• [Data records]:

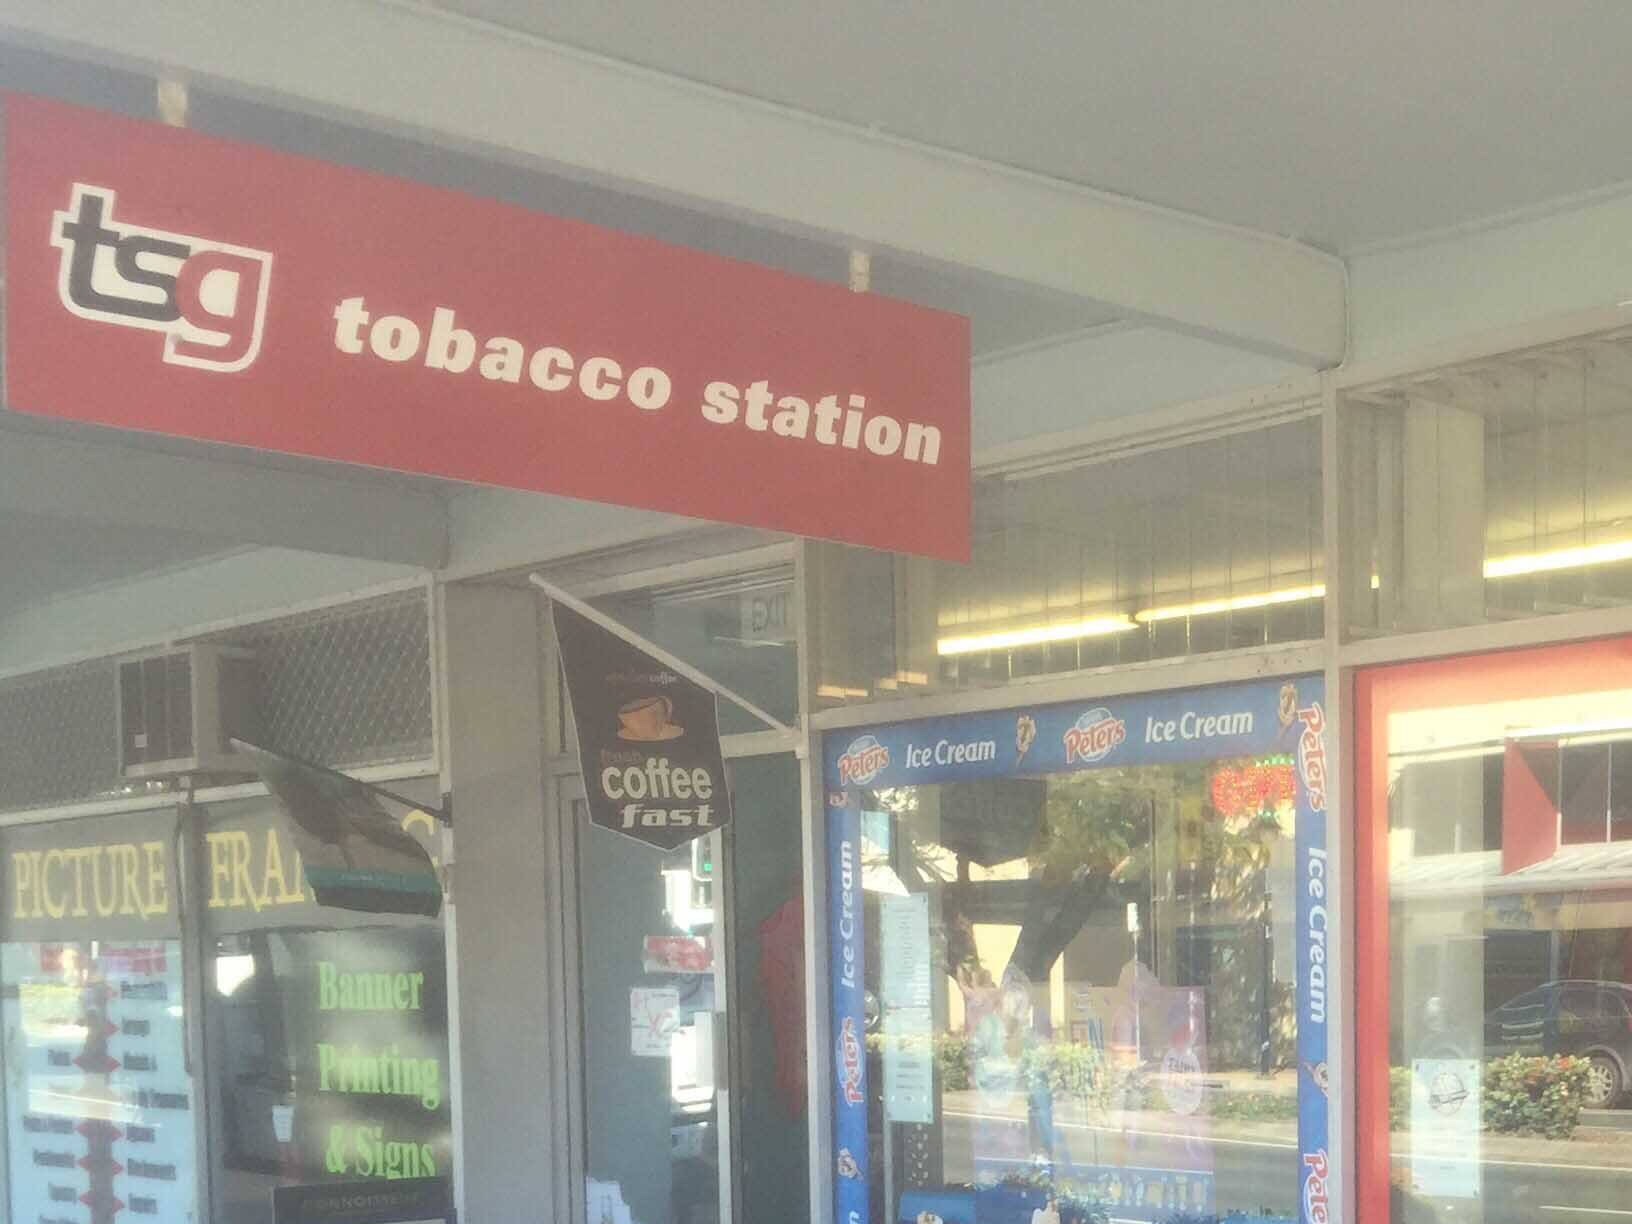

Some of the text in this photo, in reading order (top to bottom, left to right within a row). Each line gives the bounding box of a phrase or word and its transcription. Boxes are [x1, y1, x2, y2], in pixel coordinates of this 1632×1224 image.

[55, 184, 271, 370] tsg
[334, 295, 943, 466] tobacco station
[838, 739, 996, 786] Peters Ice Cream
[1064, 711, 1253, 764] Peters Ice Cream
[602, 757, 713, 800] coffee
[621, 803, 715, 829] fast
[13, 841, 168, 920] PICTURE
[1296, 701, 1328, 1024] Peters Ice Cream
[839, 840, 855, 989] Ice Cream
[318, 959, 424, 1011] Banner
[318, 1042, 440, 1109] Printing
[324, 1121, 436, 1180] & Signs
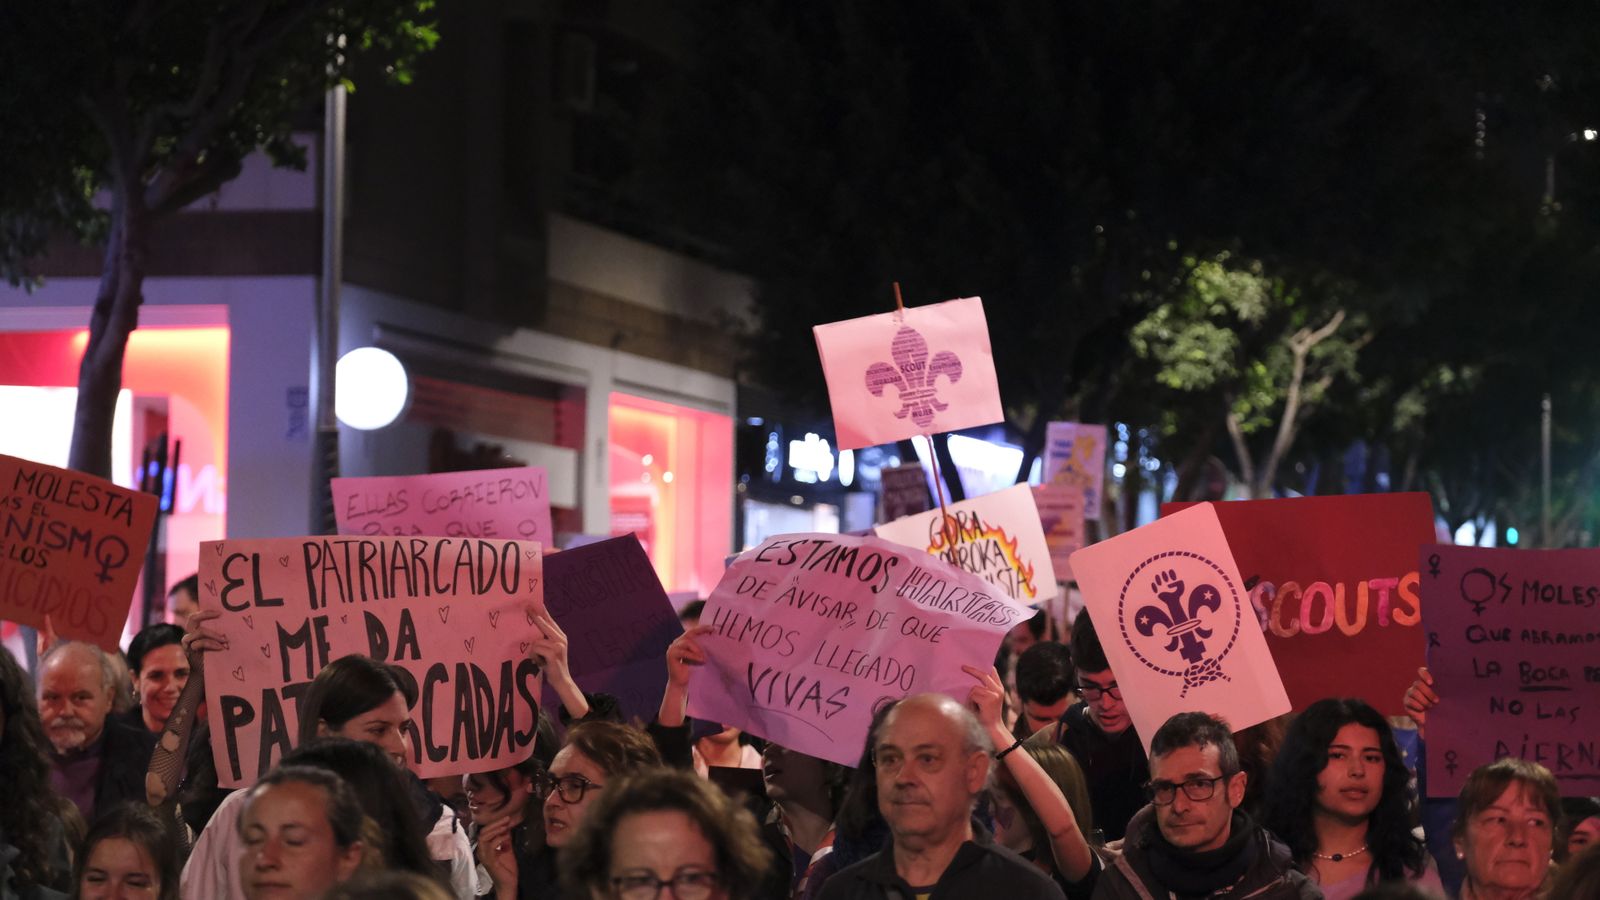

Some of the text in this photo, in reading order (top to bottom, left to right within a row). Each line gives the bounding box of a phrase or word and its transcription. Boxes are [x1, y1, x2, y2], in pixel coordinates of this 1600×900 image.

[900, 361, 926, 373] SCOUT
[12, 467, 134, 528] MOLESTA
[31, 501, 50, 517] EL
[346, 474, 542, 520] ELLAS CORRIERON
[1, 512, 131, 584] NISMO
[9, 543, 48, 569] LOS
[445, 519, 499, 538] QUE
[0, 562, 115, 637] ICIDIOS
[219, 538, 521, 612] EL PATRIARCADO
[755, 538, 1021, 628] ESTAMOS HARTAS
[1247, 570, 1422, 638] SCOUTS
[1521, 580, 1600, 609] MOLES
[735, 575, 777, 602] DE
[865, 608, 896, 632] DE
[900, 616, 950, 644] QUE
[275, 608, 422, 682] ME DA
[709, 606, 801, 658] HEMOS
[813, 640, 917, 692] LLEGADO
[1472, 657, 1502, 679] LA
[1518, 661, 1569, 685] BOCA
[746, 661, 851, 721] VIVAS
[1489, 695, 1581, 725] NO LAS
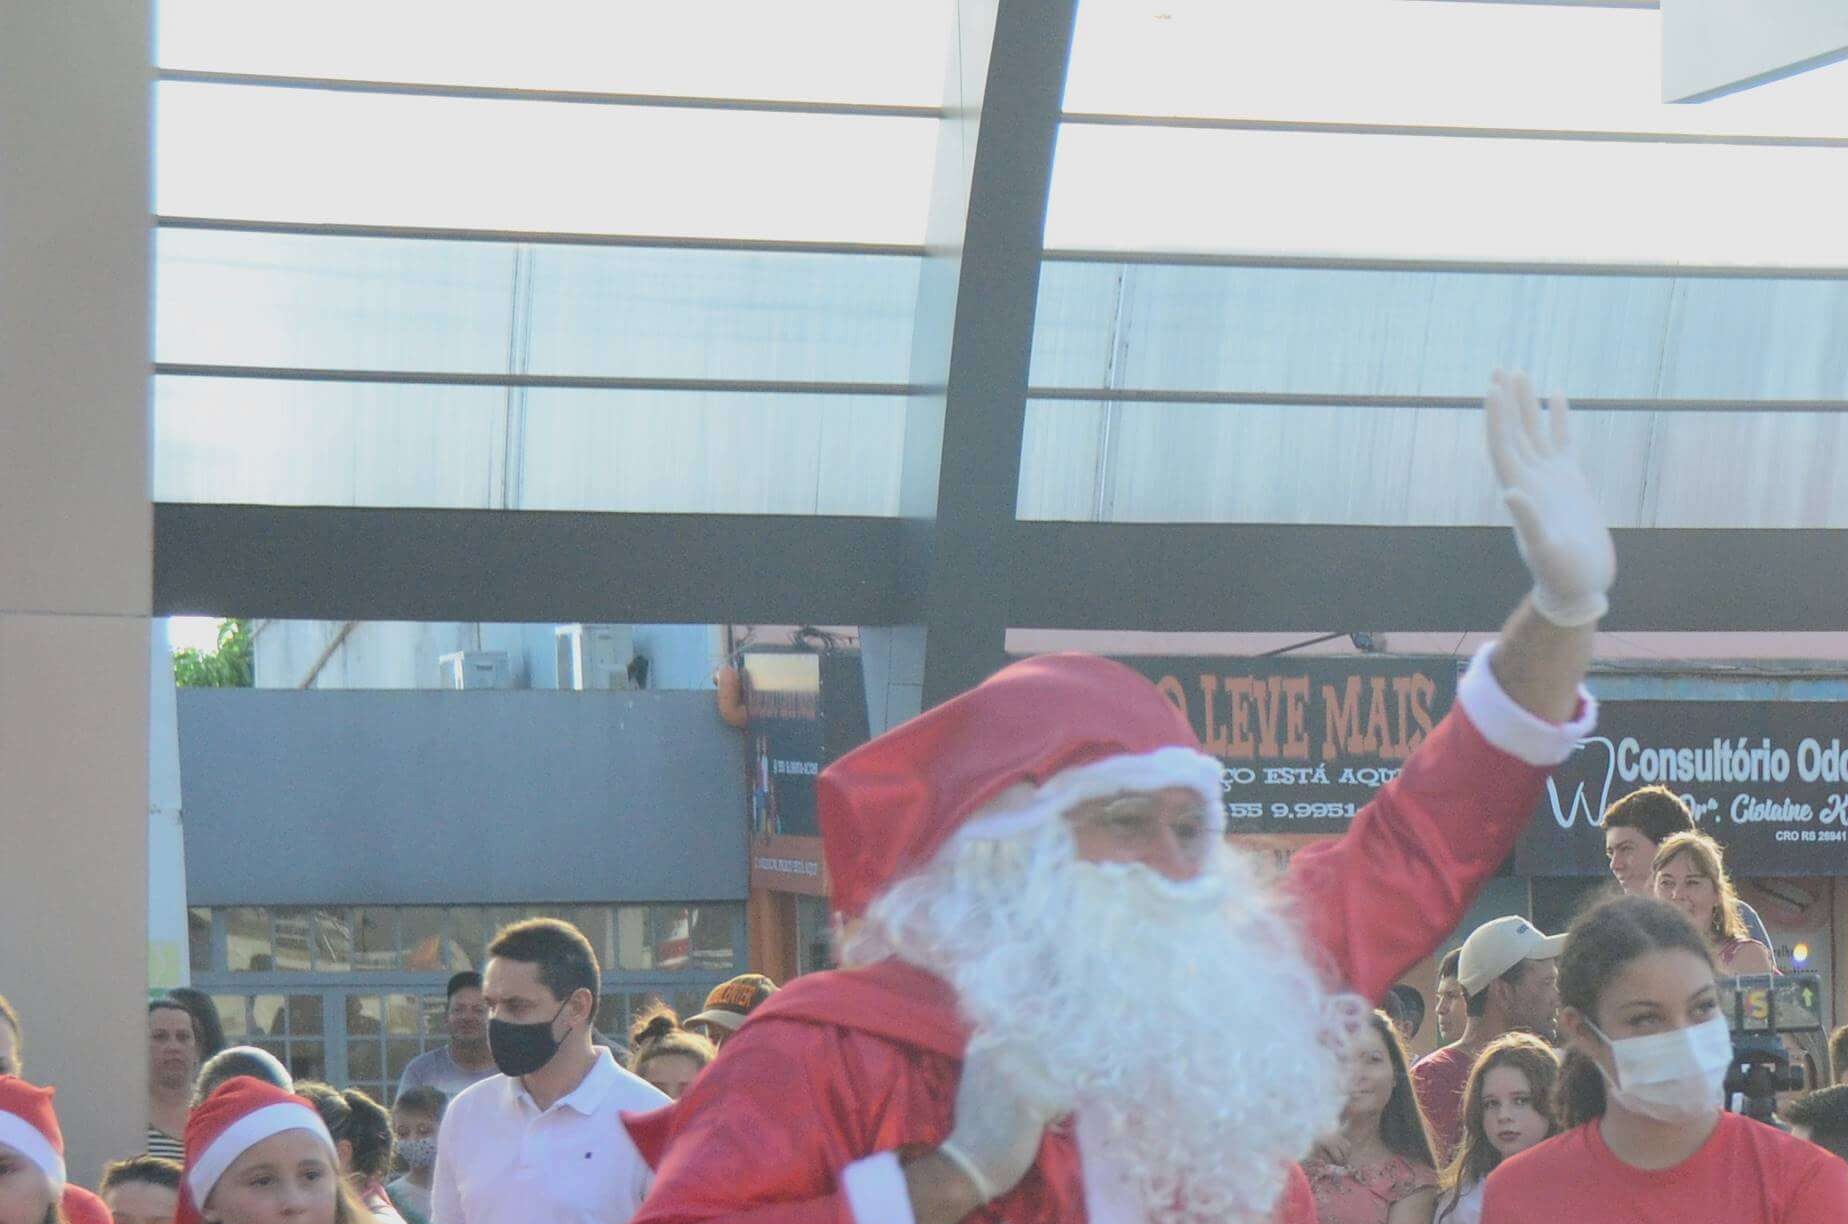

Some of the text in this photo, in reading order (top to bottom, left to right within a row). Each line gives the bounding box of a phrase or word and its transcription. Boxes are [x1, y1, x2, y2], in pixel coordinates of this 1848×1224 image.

• [Task goal]: Print out the material word for word, omitting the pictures.

• [Exercise solution]:
Some of the text in this photo, in reading order (top to bottom, left to right within a row). Each line gives the bounding box of a phrase or word and its transcription. Boxes are [x1, y1, x2, y2], in pixel coordinates of this 1632×1224 image.

[55, 184, 271, 370] tsg
[334, 295, 943, 466] tobacco station
[838, 739, 996, 786] Peters Ice Cream
[1064, 711, 1253, 764] Peters Ice Cream
[602, 757, 713, 800] coffee
[621, 803, 715, 829] fast
[13, 841, 168, 920] PICTURE
[1296, 701, 1328, 1024] Peters Ice Cream
[839, 840, 855, 989] Ice Cream
[318, 959, 424, 1011] Banner
[318, 1042, 440, 1109] Printing
[324, 1121, 436, 1180] & Signs

Some of the text in this photo, in reading order (top to bottom, left to right within a row). Each line gives the bounding box of a phrase or word and its transcription. Boxes are [x1, y1, x2, y2], in pixel coordinates of this 1600×900 image.

[900, 361, 926, 373] SCOUT
[12, 467, 134, 528] MOLESTA
[31, 501, 50, 517] EL
[346, 474, 542, 520] ELLAS CORRIERON
[1, 512, 131, 584] NISMO
[9, 543, 48, 569] LOS
[445, 519, 499, 538] QUE
[0, 562, 115, 637] ICIDIOS
[219, 538, 521, 612] EL PATRIARCADO
[755, 538, 1021, 628] ESTAMOS HARTAS
[1247, 570, 1422, 638] SCOUTS
[1521, 580, 1600, 609] MOLES
[735, 575, 777, 602] DE
[865, 608, 896, 632] DE
[900, 616, 950, 644] QUE
[275, 608, 422, 682] ME DA
[709, 606, 801, 658] HEMOS
[813, 640, 917, 692] LLEGADO
[1472, 657, 1502, 679] LA
[1518, 661, 1569, 685] BOCA
[746, 661, 851, 721] VIVAS
[1489, 695, 1581, 725] NO LAS

Some of the text in this photo, in reading order (top to bottom, left to right within a row). Each line gives the bounding box of a phrase or word and its transcription. Boxes are [x1, y1, x2, y2], in pixel coordinates of this 1848×1224 image.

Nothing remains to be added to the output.